Thursday, March 9, 2017
Seema Verma (soon to be head of CMS Medicare) would hold Medicaid recipients accountable.
Donald Trump Medicaid: Seema Verma, Patient Responsibility | Time.com
Seema Verma, President Trump’s pick to lead the Centers for Medicare and Medicaid Service, sees things the same way. Verma, a health policy consultant, helped to reform Indiana’s Medicaid program, working with then-Gov. Mike Pence. With an eye toward competition and personal responsibility, her program, known as Healthy Indiana Plan, mandated monthly contributions from beneficiaries, even individuals at the federal poverty line. There were stiff penalties for missed payments: termination of coverage or transfer to a pared-down plan that offered limited services.
Verma has written that personal contributions are a way for Medicaid recipients to have “skin in the game.” She has said that traditional Medicaid regulations “disempower individuals from taking responsibility for their health, allow utilization of services without regard for the public cost, and foster dependency.”
Verma founded the health policy consulting firm SVC Inc. in June 2001. She is president and CEO of the company, which has worked with the states of Indiana, Iowa, Kentucky, Maine, Michigan, Ohio, and Tennessee. In preparation for the implementation of Obamacare, Verma and SVC Inc. have worked with state insurance agencies and public health agencies to redesign their Medicaid programs. She developed Medicaid reform programs, including waivers, for Ohio, Kentucky, and Iowa. Her firm provided technical assistance to the state of Michigan in the implementation of their Section 1115 Medicaid waiver. SVC also assisted Tennessee in their coverage expansion proposal and supported Iowa's Medicaid transition to managed care.

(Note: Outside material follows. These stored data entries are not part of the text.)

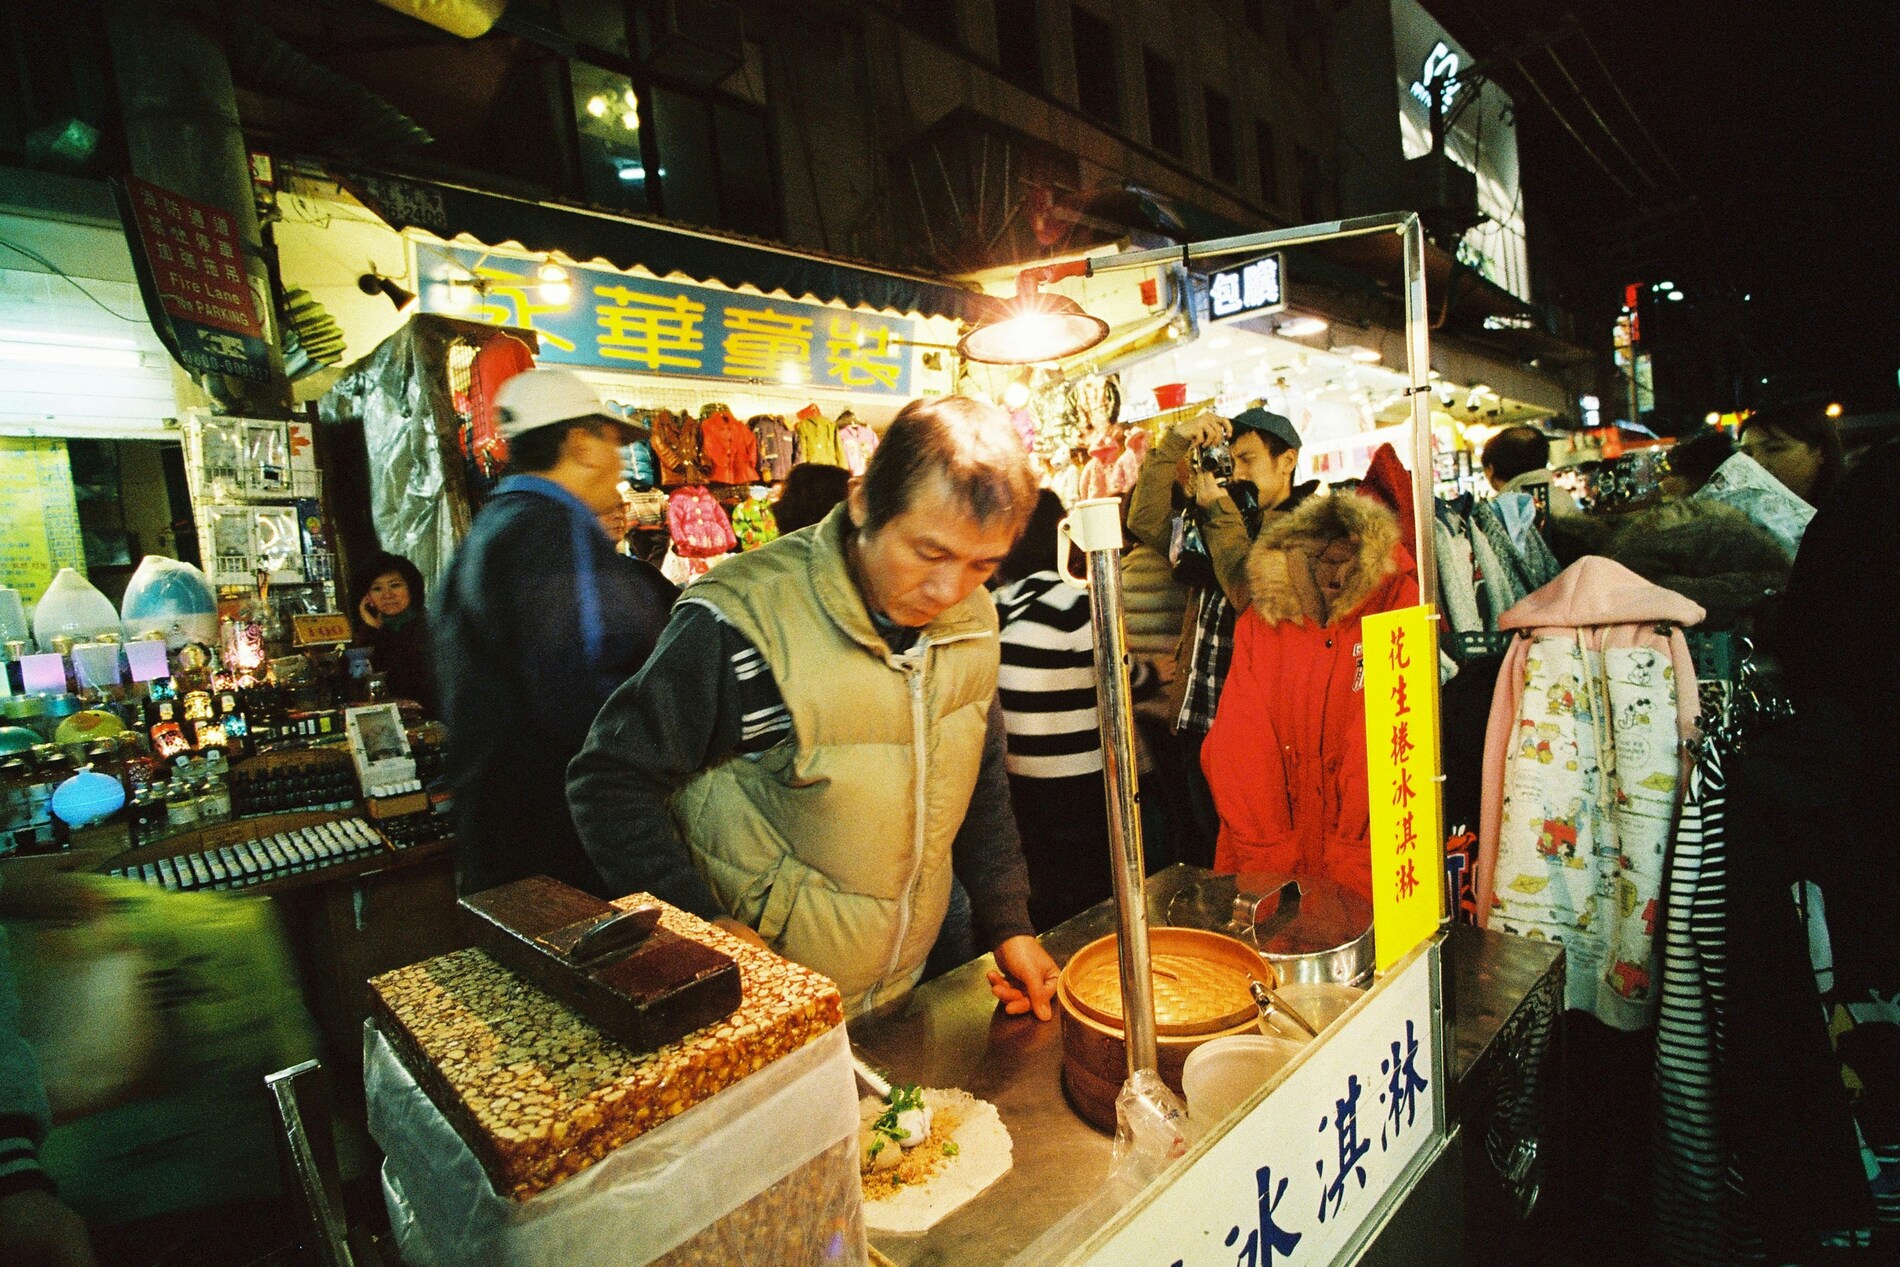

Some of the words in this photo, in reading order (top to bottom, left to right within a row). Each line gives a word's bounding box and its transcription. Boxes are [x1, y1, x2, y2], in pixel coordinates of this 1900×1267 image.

[147, 214, 234, 258] 禁止停車
[156, 240, 241, 283] 加強拖吊
[169, 271, 201, 293] Fire
[204, 282, 241, 305] Lane
[195, 299, 250, 327] PARKING
[1388, 626, 1419, 903] 花生捲冰淇淋
[1170, 1019, 1428, 1267] 冰淇淋

Following the passage of Obamacare, Verma worked with Indiana Governor Mitch Daniels on health care policy. She was the architect of the Healthy Indiana Plan. The health insurance program, designed for people with low income, requires participants to pay into a health savings account and has high deductibles. According to Verma, "you have to make your contribution every month, with a 60-day grace period. If you don't make the contribution, you're out of the program for 12 months. It's a strong personal responsibility mechanism." The Healthy Indiana Plan received support from the Indiana legislature and passed into law in January 2008. She later created the related "HIP 2.0" under Governor Mike Pence.

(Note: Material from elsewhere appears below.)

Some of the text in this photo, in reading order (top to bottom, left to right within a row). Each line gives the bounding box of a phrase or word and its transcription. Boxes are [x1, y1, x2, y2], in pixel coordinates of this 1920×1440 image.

In 2014, an article in The Indianapolis Star raised concerns over a potential conflict of interest arising from Verma's dual roles as both a health care consultant for Indiana and an employee of a Hewlett-Packard division that is among Indiana's largest Medicaid vendors. As of 2014, SVC Inc. had been awarded over $3.5 million in Indiana state contracts. Verma was concurrently employed with Hewlett-Packard, earning over $1 million during a period when the company had secured $500 million in state contracts.